ACTIVITY = Each entry below must be repeated exactly. Leave the pictures out of it.

SOURCE RECORDS =
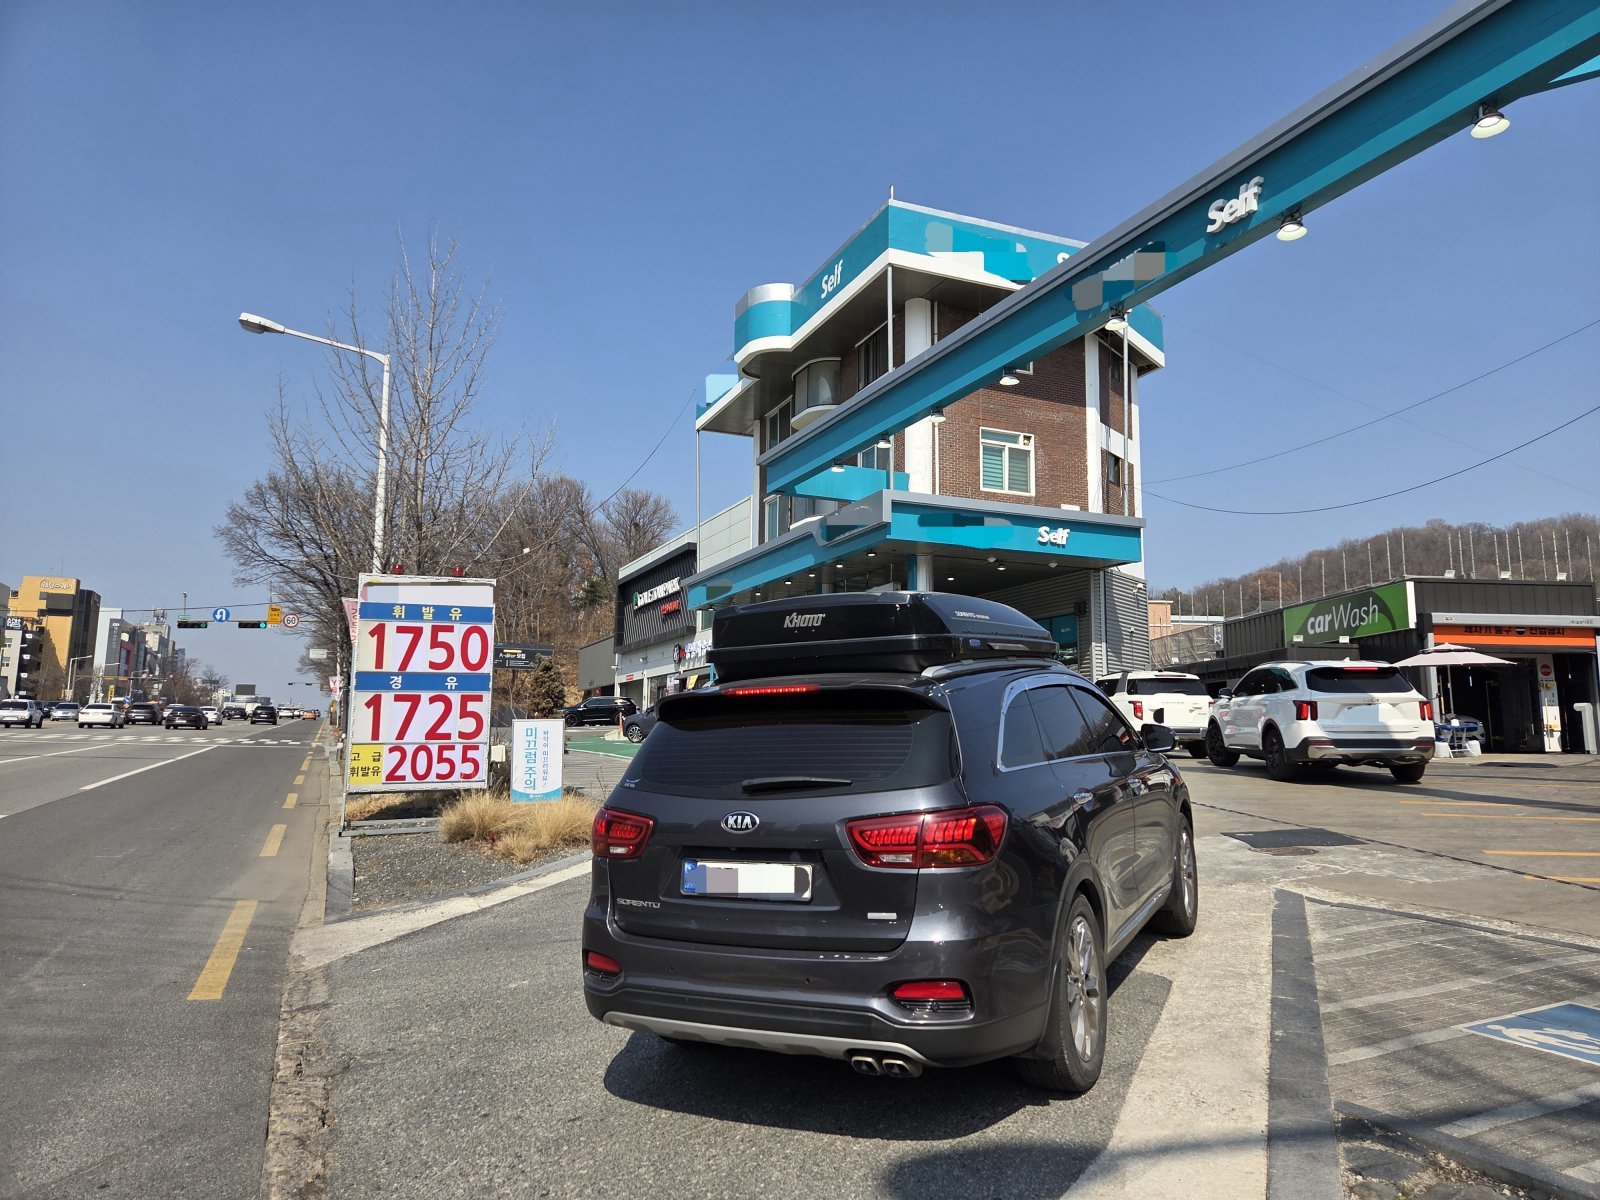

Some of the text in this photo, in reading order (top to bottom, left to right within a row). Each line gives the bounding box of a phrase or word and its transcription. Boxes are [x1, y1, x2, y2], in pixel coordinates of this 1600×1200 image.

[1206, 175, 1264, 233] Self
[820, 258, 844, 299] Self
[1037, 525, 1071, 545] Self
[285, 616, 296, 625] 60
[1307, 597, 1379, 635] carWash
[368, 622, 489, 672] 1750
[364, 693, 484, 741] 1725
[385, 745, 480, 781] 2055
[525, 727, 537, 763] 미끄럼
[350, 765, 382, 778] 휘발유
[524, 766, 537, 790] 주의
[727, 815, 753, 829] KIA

EXERCISE RESPONSE =
Some of the text in this photo, in reading order (top to bottom, left to right within a row). Each line gives the bounding box of a phrase or word and its transcription. Boxes are [x1, y1, x2, y2], in pixel coordinates of this 1600×1200 image.

[1206, 175, 1264, 233] Self
[820, 258, 844, 299] Self
[1037, 525, 1071, 545] Self
[285, 616, 296, 625] 60
[1307, 597, 1379, 635] carWash
[368, 622, 489, 672] 1750
[364, 693, 484, 741] 1725
[385, 745, 480, 781] 2055
[525, 727, 537, 763] 미끄럼
[350, 765, 382, 778] 휘발유
[524, 766, 537, 790] 주의
[727, 815, 753, 829] KIA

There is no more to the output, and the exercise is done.